Introduction

Coronavirus disease 2019 (COVID-19) has rapidly spread all over the world since the end of 2019, and 1,436,198 cases have been confirmed as COVID-19 to date (9 April 2020) [1]. Reverse-transcription polymerase chain reaction (RT-PCR) is used as the standard diagnostic method. However, it suffers from low sensitivities as reported in [2, 3]. Computed tomography (CT) imaging is often adopted to confirm the COVID-19 in China and some European countries, e.g., Netherlands. CT plays a key role in the diagnosis and treatment assessment of COVID-19 due to its high sensitivity [2, 4].

The explosive growing number of COVID-19 patients requires the automated AI-based computer-aided diagnosis (CAD) systems that can accurately and objectively detect the disease-infected lung regions and assess the severity and the progressions. Recently, several deep learning–based AI systems were developed to differentiate the COVID-19 and community-acquired pneumonia (CAP) [5] or other viral pneumonia [6, 7], and to quantify the infection regions [8,9,10,11]. However, all these previous AI systems built upon the high-resolution thin-section CT images, which have high radiation doses and require higher costs. In contrast, the thick-section CT images from affordable CT scanners have relatively low radiation doses and are popularly used in hospitals worldwide, especially in primary care. Hence, it is worthwhile to develop an AI-based CAD system using thick-section CT images.

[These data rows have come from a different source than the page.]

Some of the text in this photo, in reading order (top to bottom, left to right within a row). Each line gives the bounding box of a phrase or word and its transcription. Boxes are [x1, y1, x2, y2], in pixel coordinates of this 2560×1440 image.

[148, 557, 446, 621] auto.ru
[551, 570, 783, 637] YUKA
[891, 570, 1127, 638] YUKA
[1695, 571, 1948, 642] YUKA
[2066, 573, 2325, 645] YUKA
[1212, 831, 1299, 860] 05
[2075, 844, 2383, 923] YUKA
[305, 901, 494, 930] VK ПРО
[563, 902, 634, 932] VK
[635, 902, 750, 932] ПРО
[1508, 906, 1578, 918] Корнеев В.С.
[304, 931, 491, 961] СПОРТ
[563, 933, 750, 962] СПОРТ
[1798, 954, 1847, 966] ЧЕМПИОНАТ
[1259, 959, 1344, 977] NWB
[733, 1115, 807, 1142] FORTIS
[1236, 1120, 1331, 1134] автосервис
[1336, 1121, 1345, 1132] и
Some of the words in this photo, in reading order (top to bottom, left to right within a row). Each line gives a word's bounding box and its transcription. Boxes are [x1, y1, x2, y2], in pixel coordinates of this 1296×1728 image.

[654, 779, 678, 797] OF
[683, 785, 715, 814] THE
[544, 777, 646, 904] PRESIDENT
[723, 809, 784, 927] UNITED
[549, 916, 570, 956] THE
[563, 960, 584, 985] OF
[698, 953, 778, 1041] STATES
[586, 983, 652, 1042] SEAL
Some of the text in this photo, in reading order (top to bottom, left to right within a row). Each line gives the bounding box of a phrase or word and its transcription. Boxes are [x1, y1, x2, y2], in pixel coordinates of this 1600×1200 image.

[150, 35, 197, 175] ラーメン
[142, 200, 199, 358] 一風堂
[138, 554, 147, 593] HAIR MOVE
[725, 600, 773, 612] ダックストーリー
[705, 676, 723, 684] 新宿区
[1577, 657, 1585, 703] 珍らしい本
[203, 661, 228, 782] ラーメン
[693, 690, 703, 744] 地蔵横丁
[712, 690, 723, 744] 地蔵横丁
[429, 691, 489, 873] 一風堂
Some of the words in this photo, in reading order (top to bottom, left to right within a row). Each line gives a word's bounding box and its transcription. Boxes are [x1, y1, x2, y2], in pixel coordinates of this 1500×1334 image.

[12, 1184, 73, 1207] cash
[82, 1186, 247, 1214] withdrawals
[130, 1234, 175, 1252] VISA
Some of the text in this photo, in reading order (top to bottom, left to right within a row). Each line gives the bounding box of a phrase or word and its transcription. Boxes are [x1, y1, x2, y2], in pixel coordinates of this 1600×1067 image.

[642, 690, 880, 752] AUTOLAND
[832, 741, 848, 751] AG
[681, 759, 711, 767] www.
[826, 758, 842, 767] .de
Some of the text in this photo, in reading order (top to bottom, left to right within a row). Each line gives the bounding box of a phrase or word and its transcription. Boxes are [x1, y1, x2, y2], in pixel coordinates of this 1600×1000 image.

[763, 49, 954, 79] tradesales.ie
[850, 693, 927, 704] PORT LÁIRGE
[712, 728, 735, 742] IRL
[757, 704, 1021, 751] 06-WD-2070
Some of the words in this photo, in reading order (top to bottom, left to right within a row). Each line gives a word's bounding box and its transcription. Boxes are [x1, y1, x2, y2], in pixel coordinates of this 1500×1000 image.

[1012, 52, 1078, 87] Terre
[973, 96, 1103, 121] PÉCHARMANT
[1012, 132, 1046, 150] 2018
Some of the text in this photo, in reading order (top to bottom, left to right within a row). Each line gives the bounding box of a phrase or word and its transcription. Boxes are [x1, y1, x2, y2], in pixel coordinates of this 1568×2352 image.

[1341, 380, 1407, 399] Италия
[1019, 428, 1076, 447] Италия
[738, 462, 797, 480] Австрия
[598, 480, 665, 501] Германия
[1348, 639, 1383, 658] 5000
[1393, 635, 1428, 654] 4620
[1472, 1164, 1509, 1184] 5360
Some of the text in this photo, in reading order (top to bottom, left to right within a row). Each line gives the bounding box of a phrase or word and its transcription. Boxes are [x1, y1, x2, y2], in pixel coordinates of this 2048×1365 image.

In this study, we developed a fully automated AI system to quantify COVID-19-associated lung abnormalities and assess the disease severity and the disease progressions using thick-section chest CT images. To the best of our knowledge, this is the first AI-based study to quantitatively assess the COVID-19 severity and disease progression using the thick-section CT images.

Materials and methods

Patients

This study was approved by the Ethics of Committees of the First Hospital of Changsha, Hunan, China. Informed consent for this retrospective study was waived. Five hundred forty-eight CT scans from 204 patients diagnosed with COVID-19 (RT-PCR test positive) were retrospectively reviewed for the period from 23 January 2020 to 12 February 2020 in the First Hospital of Changsha, which is the only appointed hospital healing COVID-19 patients in Changsha city, Hunan province, China. Eight patients under 18 years old were excluded from this study. The characteristics of the rest 196 adult patients were summarized in Table 1. According to the guideline of 2019-nCoV (trial version 7) issued by the China National Health Commission [12], the severity of COVID-19 includes mild, common, severe, and critical types. Since there were few mild and critical cases, we categorized all the CT scans into the severe group (including severe and critical) and non-severe group (mild and common). In total, we had 79 severe CT scans from 32 patients, and 452 general CT scans from 164 patients. It should be noticed that some patients were in the non-severe phase when they entered the hospital, but may develop into a severe phase during treatment. All the COVID-19 patients were used to test the AI system performance.

Table 1 Characteristics of COVID-19 patients in this study

To train the lung abnormalities’ segmentation deep learning model, another multi-center pneumonia dataset was collected consisting of 531 CT scans with manual annotations. The informed consent waiver of the training data was approved by the Ethics of Committees of multiple institutes.

CT protocol

All COVID-19 patients underwent CT scanning using the GE Brivo CT325 scanner (General Electric). The scanning protocol was as follows: 120 kV; adaptive tube current (30–70 mAs); pitch = 0.99–1.22 mm; slice thickness = 10 mm; field of view, 350 mm2; matrix, 512 × 512; and breath-hold at full inspiration. CT images were reconstructed with 5-mm slice thickness and the soft reconstruction kernel. The effective dose for all CT scans used in the study was 0.62 msv. Note that the radiation dose (CTDI = 3.43 mGy) from the thick-section CT imaging is reasonably lower than the conventional high-resolution chest CT imaging (Siemens SOMATOM go. Top, CTDI = 6.03 mGy, effective dose = 2.94msv). For the multi-center pneumonia dataset, the 538 CT scans were from Siemens, Hitachi, GE, Philips, and United Imaging scanners. Slice thickness ranged from 1.0 to 5.0 mm. (Details of the CT imaging protocols for this multi-center pneumonia dataset are presented in the Table of the supplemental material.)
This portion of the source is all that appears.